Batteries aren’t required. Plus, these items don’t need to be assembled. And there are never any missing parts. Let’s face it: books make the best holiday gifts. The trick? Picking the right ones for those children or teens on your list.
Luckily for you, the editors of School Library Journal—the world's largest reviewer of books for young readers—are here to help. They’ve come up with 21 titles (selected from among our 2008 Best Books) that are sure to make kids of all ages “ooh” and “ahh.”
So if you’re looking for that perfect picture book for a favorite preschooler or a work about exotic frogs for a budding young naturalist or a good dose of chick-lit or fantasy for a hard-to-please teen, rest easy—you’ve come to the right place.
Picture Book Charmers
From the cover image of a chubby-cheeked tot to pages bursting with sweet-faced babies of all backgrounds, Ten Little Fingers and Ten Little Toes (Harcourt) will captivate wee ones. Mem Fox’s rhythmic rhymes and Helen Oxenbury’s endearing illustrations afford opportunities for cuddling and kissing, choral counting, and savoring the delights of a baby’s world (ages 1–3).
In Valeri Gorbachev’s Christopher Counting (Philomel), an exuberant bunny masters a new skill at school and quickly puts it into practice, totting up everything from the fish in his aquarium to bedtime yawns. Kids will relish the lively storytelling, sprightly artwork, and childlike celebration of accomplishment (ages 4–6).
Children adjusting to a new sibling will empathize with a disgruntled youngster who emphatically suggests several unpleasant fates for his unwanted addition—before discovering that being an older brother has its rewards. Balancing genuine emotions with exaggeratedly comical cartoons, Robie H. Harris and Michael Emberley’s hilarious picture book, Mail Harry to the Moon! (Little, Brown), is keenly tuned to its audience’s sensibilities (ages 4–7).

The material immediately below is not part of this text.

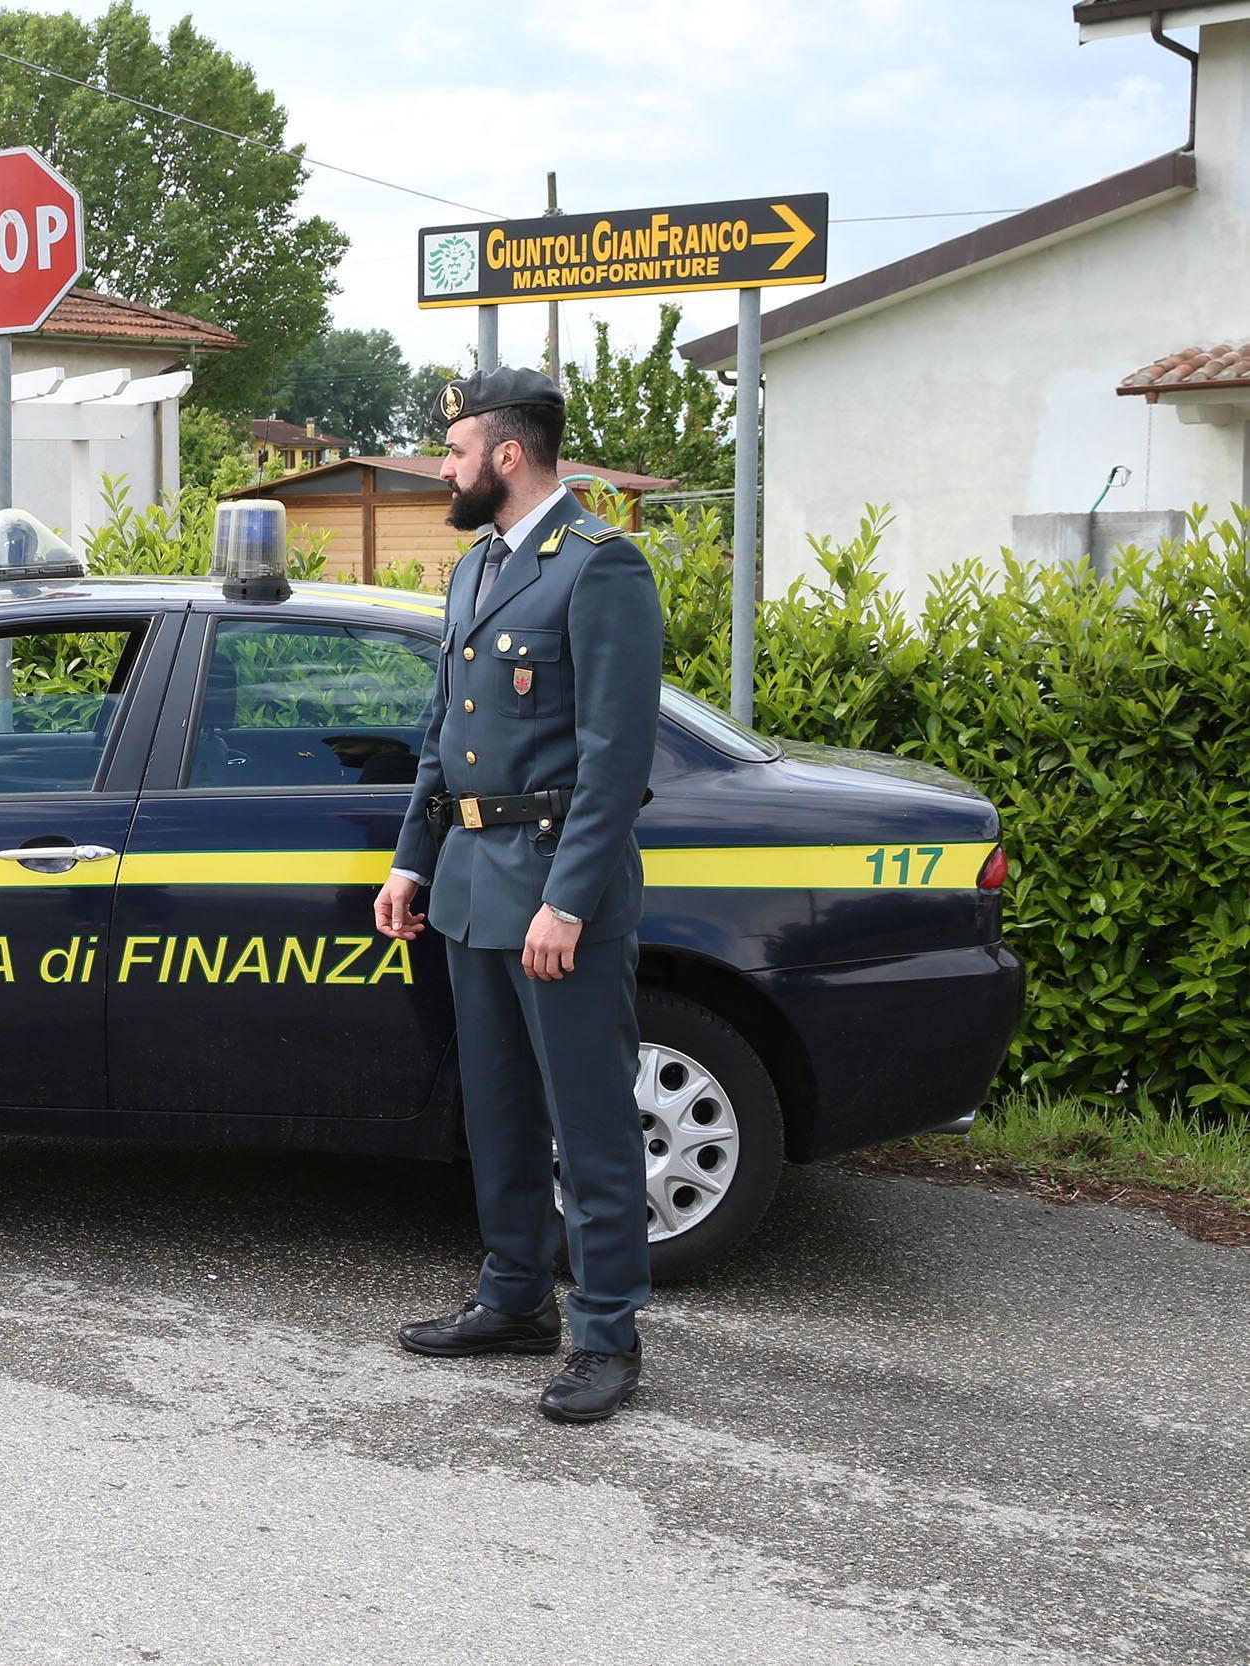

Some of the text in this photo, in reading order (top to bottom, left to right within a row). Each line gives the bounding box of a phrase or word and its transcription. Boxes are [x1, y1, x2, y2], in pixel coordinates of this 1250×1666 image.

[512, 256, 720, 290] MARMOFORNITURE
[865, 847, 944, 886] 117
[38, 934, 97, 984] di
[117, 936, 415, 985] FINANZA

Action figure fans will relish Mini Grey’s Traction Man Meets Turbo Dog (Knopf) as the toy-size hero searches for his beloved pet (oh no! the mud-covered Scrubbing Brush has been deep-sixed by a hygiene-obsessed adult) while steadfastly refusing to accept a flashy new robot as a replacement. Imaginative play meets edge-of-your seat adventure in a humorous tale illustrated with luscious artwork (ages 4–8).
More than Just the Facts
Young naturalists will adore Wild Tracks! A Guide to Nature’s Footprints (Sterling), Jim Arnosky’s enthusiastic how-to on finding, identifying, and interpreting the tracks of various North American animals. Critter portraits are paired with family facts, big-as-life footprint sketches, and cool fold-outs (ages 7–12).
Nic Bishop showcases the wonders of Frogs (Scholastic) with lively text and breathtaking photographs. Kids will be mesmerized by action images of these amazing amphibians as a frog turbo-jumps out of the water to grab a caterpillar with it sticky tongue, a horned frog digests its dinner (a mouse tail dangles from its mouth), and a tadpole is captured by a giant water bug (ages 7–10).

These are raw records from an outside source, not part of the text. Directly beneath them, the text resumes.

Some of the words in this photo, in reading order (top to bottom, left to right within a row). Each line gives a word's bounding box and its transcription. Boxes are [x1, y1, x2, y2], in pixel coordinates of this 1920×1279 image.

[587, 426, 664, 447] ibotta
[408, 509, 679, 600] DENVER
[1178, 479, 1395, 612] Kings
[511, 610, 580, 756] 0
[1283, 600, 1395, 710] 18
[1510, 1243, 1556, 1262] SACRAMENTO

Readers who are passionate about all things prehistoric will discover some astonishing new creatures in Timothy J. Bradley’s imaginatively illustrated Paleo Bugs: Survival of the Creepiest (Chronicle), including a seven-foot-long millipede, a familiar-looking though ancient cockroach, and a long-ago beetle that cleaned up Jurassic dung (ages 8–12).
Gifts for Family Sharing
Kadir Nelson’s stunningly illustrated We Are the Ship: The Story of Negro League Baseball (Hyperion) weaves together entertaining quotes and anecdotes, historical tidbits, and thought-provoking insights to provide a revealing look at America’s favorite pastime. The book’s conversational tone (it’s narrated from the players’ collective point of view) and magnificent larger-than-life portraits make it a wonderful choice for reading aloud (ages 8 up).
With attention focused on January’s presidential inauguration, it’s the perfect time to share Our White House: Looking in, Looking Out (Candlewick), a collection of poems, short stories, essays, presidential speeches and letters, and artwork—all centered around 1600 Pennsylvania Avenue and its residents. With contributions from 108 well-known children’s book authors and illustrators, this is an extraordinary journey through American history (ages 8–14).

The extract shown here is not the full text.